Turbulent Scales in the Boundary Layer: A Year-long LES

We present results of a single, continuous Large-Eddy Simulation of actual weather conditions during the timespan of a full year, made possible through recent computational developments. The run is forced on the basis of a regional weather model, in order to provide an LES dataset that is representative of the daily weather of the year 2012 around Cabauw, the Netherlands. This location is chosen such that LES results can be compared with both the regional weather model and observations from the Cabauw observational supersite (Cabauw Experimental Site for Atmospheric Research, CESAR).

The run was made possible by porting our Large-Eddy Simulation program to run completely on the GPU, resulting in GALES (Schalkwijk et al, 2012). GPU adaptation allows us to reach much improved time-to-solution ratios (i.e. simulation speedup versus real time). As a result, GALES can perform runs with a much longer timespan than previously feasible.

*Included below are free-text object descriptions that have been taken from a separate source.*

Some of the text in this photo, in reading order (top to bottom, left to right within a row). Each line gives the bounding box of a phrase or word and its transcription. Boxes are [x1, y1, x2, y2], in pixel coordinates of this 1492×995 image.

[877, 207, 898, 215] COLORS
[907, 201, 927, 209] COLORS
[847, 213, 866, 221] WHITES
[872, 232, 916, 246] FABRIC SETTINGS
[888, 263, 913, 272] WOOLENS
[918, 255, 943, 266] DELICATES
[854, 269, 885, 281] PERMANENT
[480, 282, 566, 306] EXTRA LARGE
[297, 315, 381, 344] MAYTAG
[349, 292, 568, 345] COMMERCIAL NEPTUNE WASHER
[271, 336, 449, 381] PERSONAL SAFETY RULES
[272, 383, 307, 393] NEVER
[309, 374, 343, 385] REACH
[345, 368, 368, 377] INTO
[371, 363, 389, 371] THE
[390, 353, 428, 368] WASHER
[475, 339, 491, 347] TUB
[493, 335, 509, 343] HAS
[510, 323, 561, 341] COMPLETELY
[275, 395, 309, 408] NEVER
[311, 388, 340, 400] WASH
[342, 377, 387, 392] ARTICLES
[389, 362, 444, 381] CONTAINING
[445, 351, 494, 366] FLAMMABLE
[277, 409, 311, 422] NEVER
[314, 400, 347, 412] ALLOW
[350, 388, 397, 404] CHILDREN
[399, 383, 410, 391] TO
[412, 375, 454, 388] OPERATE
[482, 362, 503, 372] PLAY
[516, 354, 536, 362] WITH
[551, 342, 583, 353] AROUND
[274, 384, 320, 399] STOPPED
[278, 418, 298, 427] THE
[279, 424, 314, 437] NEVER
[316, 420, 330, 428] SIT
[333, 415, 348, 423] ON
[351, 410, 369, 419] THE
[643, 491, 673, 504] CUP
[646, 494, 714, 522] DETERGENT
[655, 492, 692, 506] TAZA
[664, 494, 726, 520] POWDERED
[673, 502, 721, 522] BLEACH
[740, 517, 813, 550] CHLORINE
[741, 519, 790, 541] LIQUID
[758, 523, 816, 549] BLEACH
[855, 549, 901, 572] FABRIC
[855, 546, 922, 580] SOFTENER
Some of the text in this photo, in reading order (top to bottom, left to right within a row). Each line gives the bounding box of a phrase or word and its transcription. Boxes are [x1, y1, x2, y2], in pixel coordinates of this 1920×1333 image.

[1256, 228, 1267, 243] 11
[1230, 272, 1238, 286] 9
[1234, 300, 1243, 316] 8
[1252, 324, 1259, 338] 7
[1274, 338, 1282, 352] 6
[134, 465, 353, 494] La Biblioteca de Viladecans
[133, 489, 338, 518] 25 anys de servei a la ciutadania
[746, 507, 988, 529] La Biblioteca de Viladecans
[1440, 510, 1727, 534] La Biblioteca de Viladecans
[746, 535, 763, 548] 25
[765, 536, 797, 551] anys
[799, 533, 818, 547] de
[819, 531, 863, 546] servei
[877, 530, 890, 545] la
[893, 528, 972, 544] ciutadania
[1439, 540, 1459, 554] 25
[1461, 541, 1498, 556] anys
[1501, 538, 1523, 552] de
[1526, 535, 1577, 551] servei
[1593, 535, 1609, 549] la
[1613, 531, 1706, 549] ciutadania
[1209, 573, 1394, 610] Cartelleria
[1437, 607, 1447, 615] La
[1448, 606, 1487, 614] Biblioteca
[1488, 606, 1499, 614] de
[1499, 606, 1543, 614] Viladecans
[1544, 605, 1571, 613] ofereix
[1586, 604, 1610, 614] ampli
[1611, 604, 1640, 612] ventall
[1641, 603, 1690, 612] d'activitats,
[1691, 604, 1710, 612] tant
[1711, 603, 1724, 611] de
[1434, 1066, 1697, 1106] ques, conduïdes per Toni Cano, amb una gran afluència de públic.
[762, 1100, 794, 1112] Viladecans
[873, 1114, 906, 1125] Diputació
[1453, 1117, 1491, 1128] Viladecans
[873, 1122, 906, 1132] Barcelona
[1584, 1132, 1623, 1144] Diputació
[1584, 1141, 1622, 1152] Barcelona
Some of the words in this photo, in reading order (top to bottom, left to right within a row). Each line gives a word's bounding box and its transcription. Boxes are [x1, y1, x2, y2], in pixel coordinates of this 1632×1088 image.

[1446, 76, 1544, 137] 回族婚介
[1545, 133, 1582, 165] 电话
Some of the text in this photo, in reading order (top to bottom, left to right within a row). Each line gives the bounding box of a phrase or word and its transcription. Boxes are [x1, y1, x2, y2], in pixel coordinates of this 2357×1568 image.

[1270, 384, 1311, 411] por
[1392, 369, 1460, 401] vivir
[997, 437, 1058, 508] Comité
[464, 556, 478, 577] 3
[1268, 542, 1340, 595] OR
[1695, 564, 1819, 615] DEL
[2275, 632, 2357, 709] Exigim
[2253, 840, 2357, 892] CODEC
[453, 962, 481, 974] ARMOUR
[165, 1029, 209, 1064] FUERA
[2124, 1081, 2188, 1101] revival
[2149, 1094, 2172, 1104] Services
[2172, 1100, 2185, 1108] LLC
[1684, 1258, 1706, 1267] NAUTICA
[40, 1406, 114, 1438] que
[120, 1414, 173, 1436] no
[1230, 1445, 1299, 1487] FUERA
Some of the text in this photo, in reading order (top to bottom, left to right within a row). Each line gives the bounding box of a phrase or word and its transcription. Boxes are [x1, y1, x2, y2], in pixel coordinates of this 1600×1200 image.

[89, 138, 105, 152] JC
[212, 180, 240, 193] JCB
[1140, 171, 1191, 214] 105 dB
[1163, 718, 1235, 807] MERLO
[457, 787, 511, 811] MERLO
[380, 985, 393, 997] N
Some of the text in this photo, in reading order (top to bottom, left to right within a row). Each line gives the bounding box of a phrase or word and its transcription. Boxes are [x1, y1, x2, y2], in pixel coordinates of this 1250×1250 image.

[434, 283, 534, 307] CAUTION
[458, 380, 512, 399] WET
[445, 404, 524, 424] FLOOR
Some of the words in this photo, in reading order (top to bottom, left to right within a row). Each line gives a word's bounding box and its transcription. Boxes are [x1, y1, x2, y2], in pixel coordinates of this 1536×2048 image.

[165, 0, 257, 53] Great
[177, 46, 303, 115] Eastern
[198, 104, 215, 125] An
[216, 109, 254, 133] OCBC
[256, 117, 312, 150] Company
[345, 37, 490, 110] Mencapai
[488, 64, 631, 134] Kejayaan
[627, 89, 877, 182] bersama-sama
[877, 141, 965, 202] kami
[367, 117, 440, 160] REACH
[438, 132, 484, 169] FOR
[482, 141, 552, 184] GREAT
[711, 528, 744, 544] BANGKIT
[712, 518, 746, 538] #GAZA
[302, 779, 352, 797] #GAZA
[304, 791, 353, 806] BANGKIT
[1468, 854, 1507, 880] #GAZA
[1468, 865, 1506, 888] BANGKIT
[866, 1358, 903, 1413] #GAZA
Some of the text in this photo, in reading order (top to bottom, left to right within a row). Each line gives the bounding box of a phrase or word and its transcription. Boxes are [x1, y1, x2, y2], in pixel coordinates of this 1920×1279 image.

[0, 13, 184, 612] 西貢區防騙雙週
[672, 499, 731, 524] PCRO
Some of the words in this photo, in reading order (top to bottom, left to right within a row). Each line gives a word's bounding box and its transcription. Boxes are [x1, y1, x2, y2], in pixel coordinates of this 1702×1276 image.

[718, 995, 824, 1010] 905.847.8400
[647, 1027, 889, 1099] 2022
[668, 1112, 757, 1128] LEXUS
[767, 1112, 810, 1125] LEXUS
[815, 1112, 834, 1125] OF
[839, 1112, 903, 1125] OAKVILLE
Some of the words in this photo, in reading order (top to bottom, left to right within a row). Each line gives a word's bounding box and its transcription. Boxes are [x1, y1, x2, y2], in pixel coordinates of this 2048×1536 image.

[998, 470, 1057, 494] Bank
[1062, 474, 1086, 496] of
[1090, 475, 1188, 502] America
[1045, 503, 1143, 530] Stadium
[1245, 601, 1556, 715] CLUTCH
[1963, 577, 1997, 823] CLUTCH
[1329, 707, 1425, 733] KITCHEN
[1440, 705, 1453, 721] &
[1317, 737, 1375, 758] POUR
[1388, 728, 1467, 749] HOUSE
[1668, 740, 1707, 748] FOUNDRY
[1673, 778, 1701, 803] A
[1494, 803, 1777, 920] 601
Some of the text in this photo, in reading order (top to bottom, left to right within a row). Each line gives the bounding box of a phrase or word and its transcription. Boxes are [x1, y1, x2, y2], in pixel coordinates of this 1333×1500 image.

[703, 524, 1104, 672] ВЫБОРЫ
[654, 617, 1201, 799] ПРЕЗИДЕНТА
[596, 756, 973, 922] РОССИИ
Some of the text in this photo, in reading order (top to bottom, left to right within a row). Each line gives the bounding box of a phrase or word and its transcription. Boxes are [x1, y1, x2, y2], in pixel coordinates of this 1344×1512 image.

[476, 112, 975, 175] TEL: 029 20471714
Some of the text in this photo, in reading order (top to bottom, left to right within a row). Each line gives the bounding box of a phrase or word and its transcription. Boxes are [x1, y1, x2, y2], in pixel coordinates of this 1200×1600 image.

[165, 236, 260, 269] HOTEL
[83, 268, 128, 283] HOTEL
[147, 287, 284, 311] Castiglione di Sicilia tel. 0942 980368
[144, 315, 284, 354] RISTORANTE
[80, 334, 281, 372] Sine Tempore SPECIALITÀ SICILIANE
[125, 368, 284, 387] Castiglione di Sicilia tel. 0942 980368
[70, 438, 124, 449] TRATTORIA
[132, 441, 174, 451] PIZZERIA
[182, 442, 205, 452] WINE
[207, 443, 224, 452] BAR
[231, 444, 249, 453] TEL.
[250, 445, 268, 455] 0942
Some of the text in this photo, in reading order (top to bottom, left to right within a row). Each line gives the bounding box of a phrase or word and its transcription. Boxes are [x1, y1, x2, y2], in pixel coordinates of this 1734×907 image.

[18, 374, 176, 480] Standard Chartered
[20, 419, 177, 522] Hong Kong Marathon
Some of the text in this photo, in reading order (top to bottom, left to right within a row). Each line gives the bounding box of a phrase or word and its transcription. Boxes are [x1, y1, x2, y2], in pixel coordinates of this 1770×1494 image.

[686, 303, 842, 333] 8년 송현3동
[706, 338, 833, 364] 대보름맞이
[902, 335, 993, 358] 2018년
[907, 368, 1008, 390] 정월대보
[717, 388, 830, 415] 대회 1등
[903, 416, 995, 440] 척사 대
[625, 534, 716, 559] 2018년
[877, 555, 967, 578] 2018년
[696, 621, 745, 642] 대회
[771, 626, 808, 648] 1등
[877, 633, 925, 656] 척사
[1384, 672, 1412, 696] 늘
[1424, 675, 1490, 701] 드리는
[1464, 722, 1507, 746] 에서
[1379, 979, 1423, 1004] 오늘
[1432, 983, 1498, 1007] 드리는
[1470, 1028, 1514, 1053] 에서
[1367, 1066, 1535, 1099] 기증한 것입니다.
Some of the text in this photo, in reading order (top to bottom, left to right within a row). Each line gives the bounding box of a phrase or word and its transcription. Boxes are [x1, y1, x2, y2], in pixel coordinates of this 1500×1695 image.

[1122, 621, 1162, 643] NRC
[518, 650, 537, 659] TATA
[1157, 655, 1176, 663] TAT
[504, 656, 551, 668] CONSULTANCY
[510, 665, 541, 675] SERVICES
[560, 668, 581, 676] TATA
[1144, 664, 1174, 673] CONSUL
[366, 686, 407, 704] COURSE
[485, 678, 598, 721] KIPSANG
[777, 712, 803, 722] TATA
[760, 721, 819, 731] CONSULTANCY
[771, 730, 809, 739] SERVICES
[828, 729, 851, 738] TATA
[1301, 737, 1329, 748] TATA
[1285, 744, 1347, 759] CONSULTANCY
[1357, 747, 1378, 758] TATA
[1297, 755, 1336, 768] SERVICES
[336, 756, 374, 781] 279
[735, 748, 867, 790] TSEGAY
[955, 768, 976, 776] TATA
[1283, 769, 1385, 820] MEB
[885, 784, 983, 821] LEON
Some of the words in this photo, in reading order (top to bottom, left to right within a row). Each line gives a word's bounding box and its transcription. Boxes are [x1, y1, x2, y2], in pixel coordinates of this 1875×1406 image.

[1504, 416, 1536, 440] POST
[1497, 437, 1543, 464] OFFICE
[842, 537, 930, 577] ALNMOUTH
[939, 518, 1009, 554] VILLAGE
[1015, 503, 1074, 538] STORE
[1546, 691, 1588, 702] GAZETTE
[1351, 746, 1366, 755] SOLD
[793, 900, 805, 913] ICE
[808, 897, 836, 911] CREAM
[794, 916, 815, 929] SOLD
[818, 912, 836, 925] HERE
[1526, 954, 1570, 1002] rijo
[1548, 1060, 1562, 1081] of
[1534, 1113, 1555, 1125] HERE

The dataset resulting from the LES run provides many avenues for further study. First, it can provide a more statistical approach to boundary-layer turbulence than the more common case-studies by simulating a diverse but representative set of situations, as well as the transition between situations. This has obvious advantages in designing and evaluating parameterizations. On the other hand, the set-up can provide valuable information on the quality of the LES when applied to a wide range of cases. In this talk, we aim to briefly explain and evaluate the results as well as present a number of highlights in the dataset, which is available on request.

Specifically, the year-long LES run provides a novel opportunity to study timescales ranging from seconds up to seasons on the basis of a single, uninterrupted simulation. For the first time, this allows us to construct time spectra of temperature, humidity and velocity from second to year-scale on the basis of LES time series. Since the full three dimensional turbulence field is known in the LES, we compare these time spectra with spatial spectra to find the length and time scales most important to turbulent transport in the boundary layer. This also allows us to investigate the presence of the (co-)spectral gap.